Reading Time: 5 Minutes

Why does one person help another? Knowing that people are basically selfish, seeking the means to get ahead in a world that seems bent on knocking everyone down, why bother? It’s difficult enough just to ‘make ends meet’, so why would anyone spend precious time trying to reach out to someone else? It’s a futile effort. Why can’t everyone just help themselves?

Ask a Therapist.

Counseling is a helping profession. It is filled with people who have dedicated their lives to low pay and long hours. A counselor’s life is filled with listening to depressing story after depressing story, all while maintaining objectivity so they can provide needed guidance for each specific situation. It’s a hard job and can be filled with burnout, but there are those who not only accept the task but they joy in it. Why is that?

The Benefits of Being a Helper

People choose counseling as a profession, volunteer at pet rescue shelters and hospitals, stop when they see someone whose car has broken down on the side of the road because it provides them with a warm feeling. But it’s more than that. We are social beings who need contact, but who too often focus on our own issues to the exclusion of others.

This is one of the Problems Addicts Have.

So why do some people always seem to be helping others, getting involved in their communities and putting their own cares on the back burner? Because helping reduces stress, promotes community, makes people think better about themselves…basically, helping provides people with a positive outlook that an inward focus just cannot achieve. That’s what helping, or it could be called community service, is. It is an outward focus designed to make everyone’s environment better.

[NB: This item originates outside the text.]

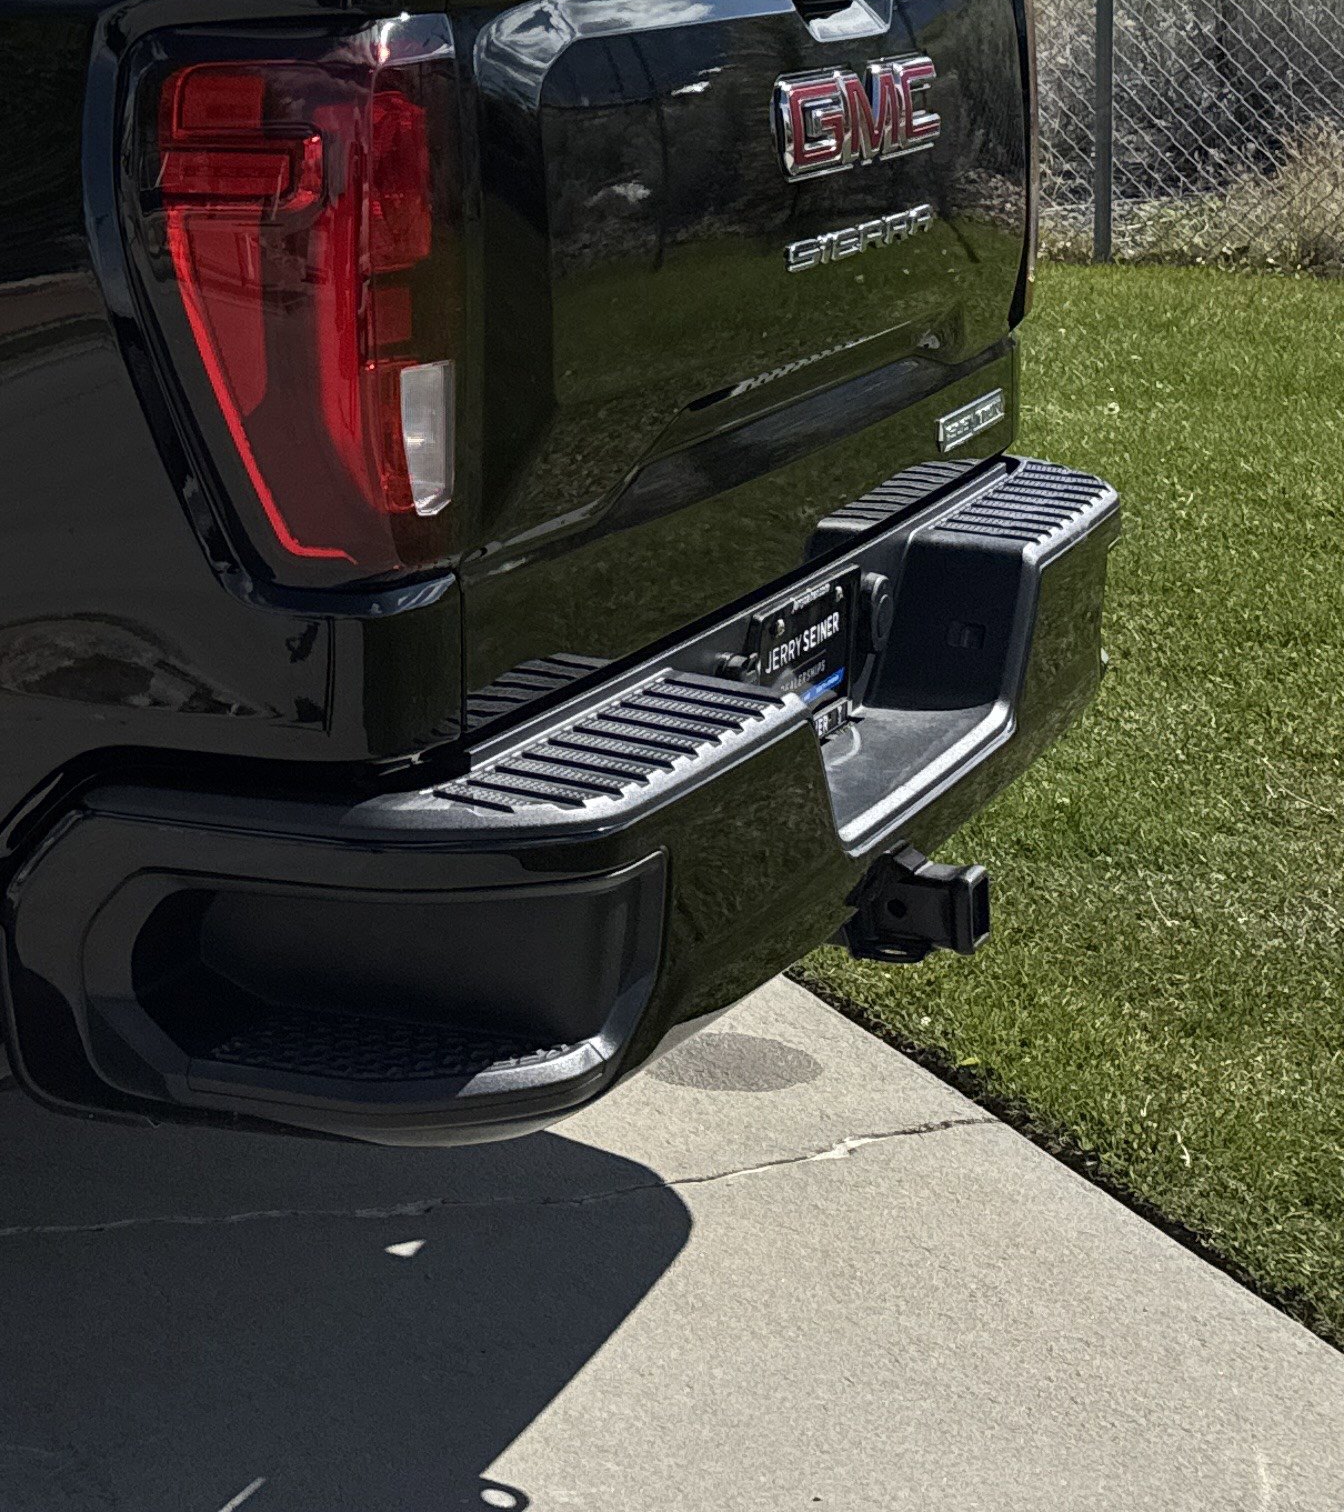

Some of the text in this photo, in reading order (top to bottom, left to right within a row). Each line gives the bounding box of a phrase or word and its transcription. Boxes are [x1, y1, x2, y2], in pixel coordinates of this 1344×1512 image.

How Does Addiction Play into This?


Addicts can be very self-serving and self-centered. Because of their addiction, they forget everything (and everyone) else and their energy is spent on the substance or act. During this time the addict ruins relationships, becoming isolated, his or her only friend the addiction. To recover fully, the addict must rediscover other people and other actions. The substance abuser needs to get outside of self and see that there is value, and healing, in the world around them.

How Does Community Service in Treatment Help with Recovery?

In their past, most addicts have forsaken relationships, cut ties to people and places in their community and had to see the pity or disgust on other’s faces. The isolation that addiction, any form of addiction, creates is a false reality. To recover from this, addicts need to readjust their perspective and there is no better means of affecting this change than to serve others.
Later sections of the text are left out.